Once, while consulting with a company, for the purpose of developing a leadership team, I was informed, directly, that two of the members of the team (of five) were active alcoholics. They were both obstructing the performance of the company in serious ways. I informed the CEO of the situation, only to learn that that was not a piece of information to which he was open and receptive.
"Here is you cheque, now get off the property!" was his response.
I learned, through considerable pain, that confronting the alcoholic is never easy, or even likely to result in a happy outcome. I have watched the Betty Ford Life Story film, in which her family, including the former president of the United States, Gerry Ford, and his children confronted his wife (their mother) about her dependency on both alcohol and prescription drugs. Eventually, after her protest, and her entry into treatment, she established the Betty Ford Clinic where, today, thousands have been successfully treated and lead reasonable lives free of alcohol, in spite of their alcohol addiction.

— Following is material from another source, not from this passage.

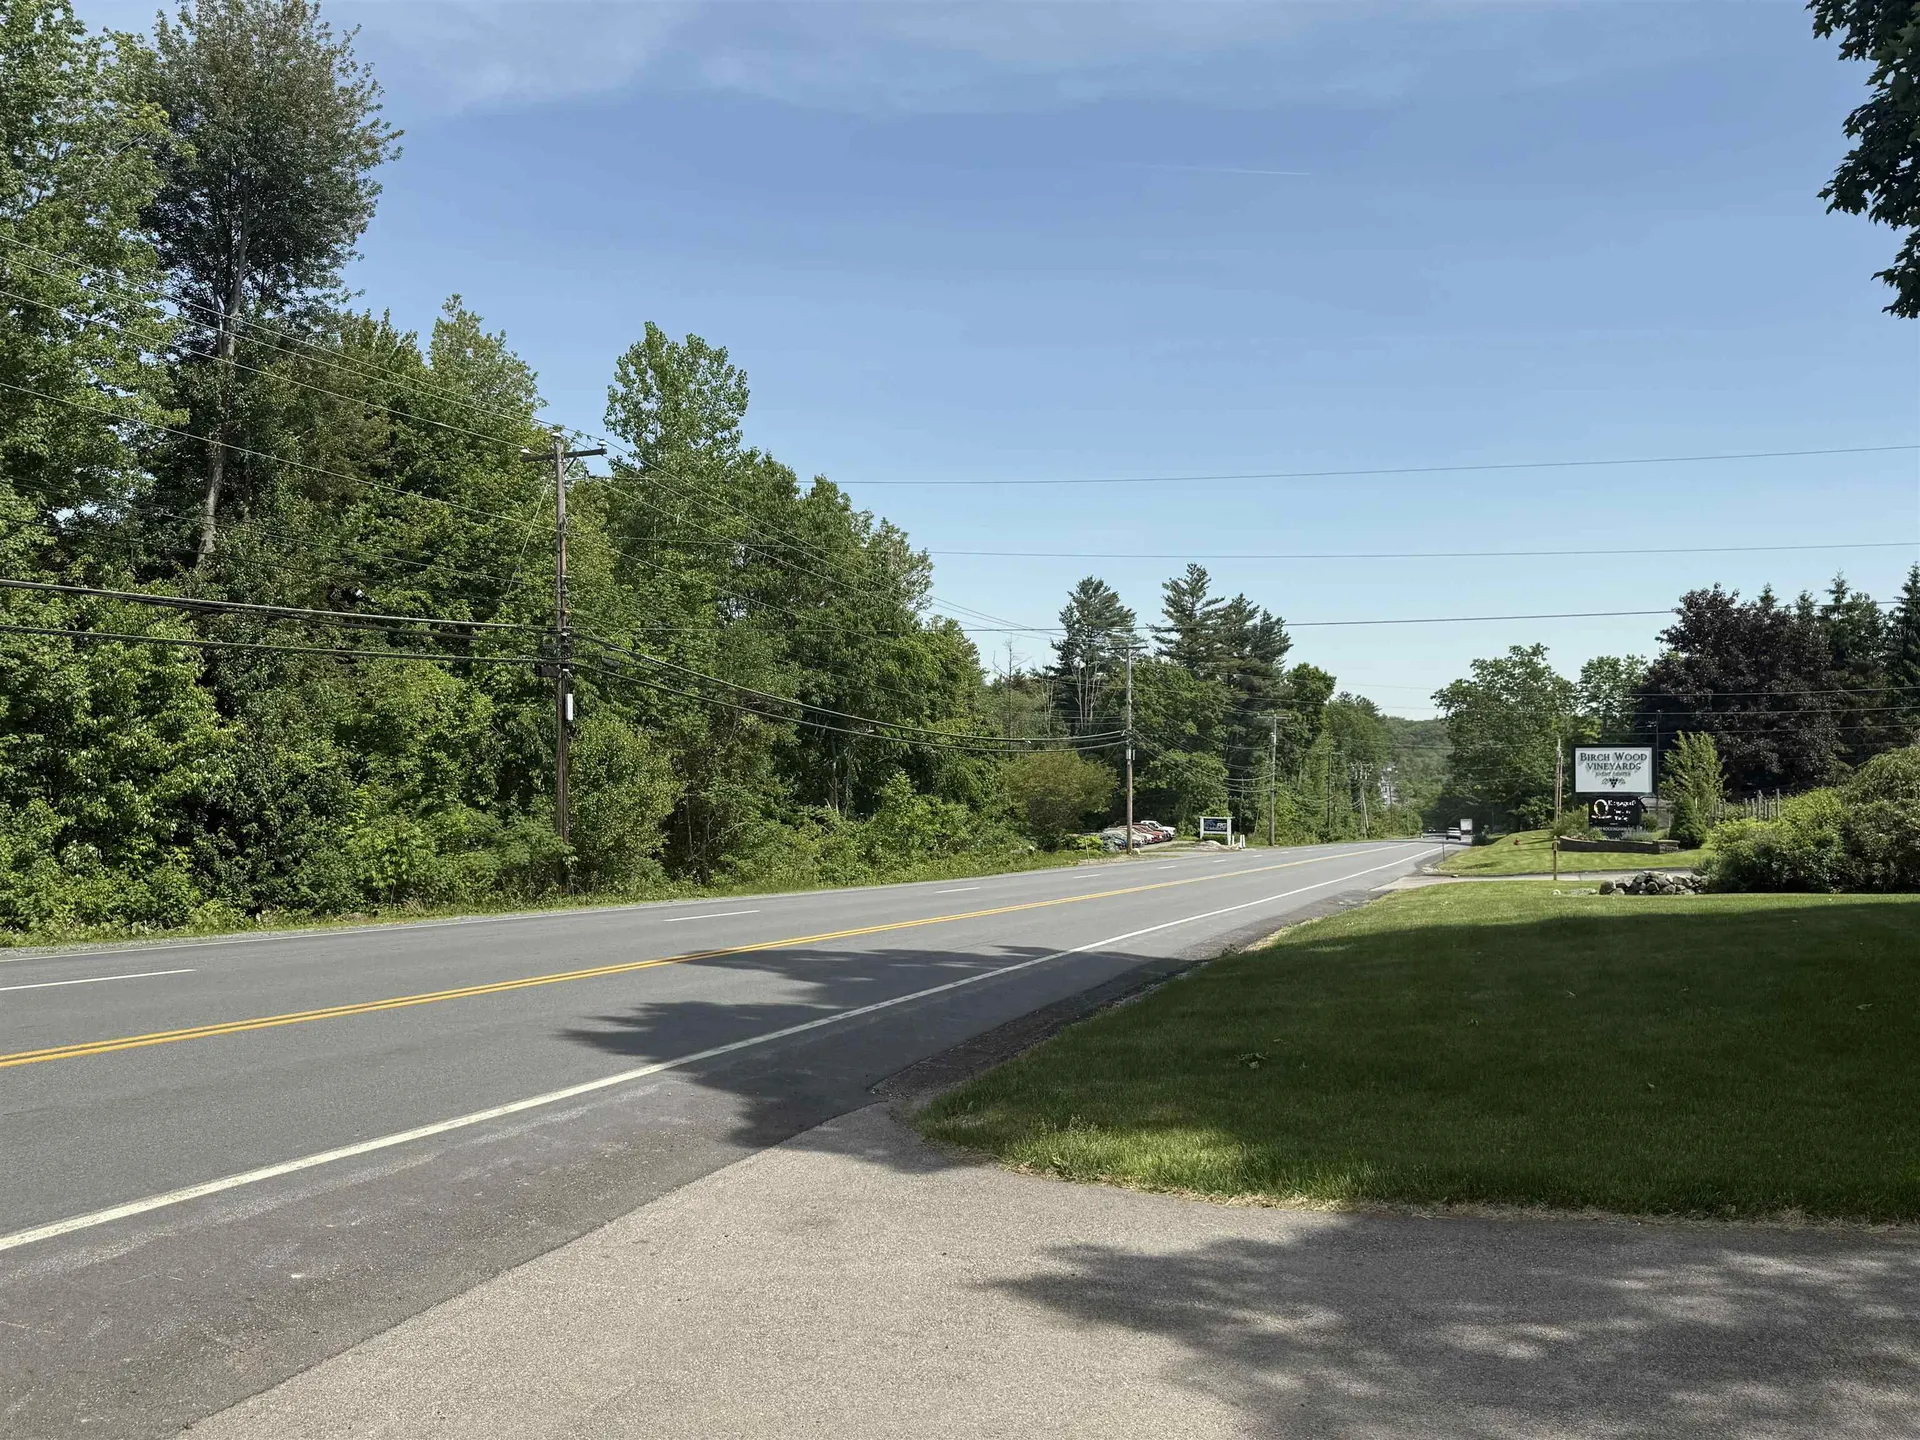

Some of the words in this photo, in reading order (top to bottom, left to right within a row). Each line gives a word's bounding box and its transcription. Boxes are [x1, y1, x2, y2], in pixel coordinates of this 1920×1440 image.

[1580, 752, 1610, 761] BIRCH
[1614, 752, 1648, 761] WOOD
[1587, 762, 1642, 770] VINEYARDS

There are several treatment options for alcoholics, including the most famous, Twelve Step Program, which now operates in many countries. Others differ in their assumptions and in their interventions. However, if there is a single person in any family who is dependent on any substance, it is time for those who love him/her to seek help, for themselves first, and then for the person who is dependent. If you live with a person who is dependent on alcohol, you are not the reason for that dependence. However, you may be enabling that dependence to continue, and perhaps to grow.

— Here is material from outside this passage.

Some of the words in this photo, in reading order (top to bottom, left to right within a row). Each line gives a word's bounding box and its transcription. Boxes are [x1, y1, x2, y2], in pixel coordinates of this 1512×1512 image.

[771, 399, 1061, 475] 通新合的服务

Like an unshakeable bear claw, that grabs and refuses to open to let the person go, alcohol is relentless in its capacity to win over the user who has become dependent. One person put it this way, in attempting to explain the allure of alcohol: "I was fairly lonely, seeking acceptance; I was also hurting as an abused sixteen-year-old, when I went to the first party where I had a beer. I knew right then, that here was what I was looking for; it could be depended upon to give me that good feeling every time I drank one, and I just wanted more and more of that feeling so I drank more and more, until it took over my life and the life of the person I thought I loved."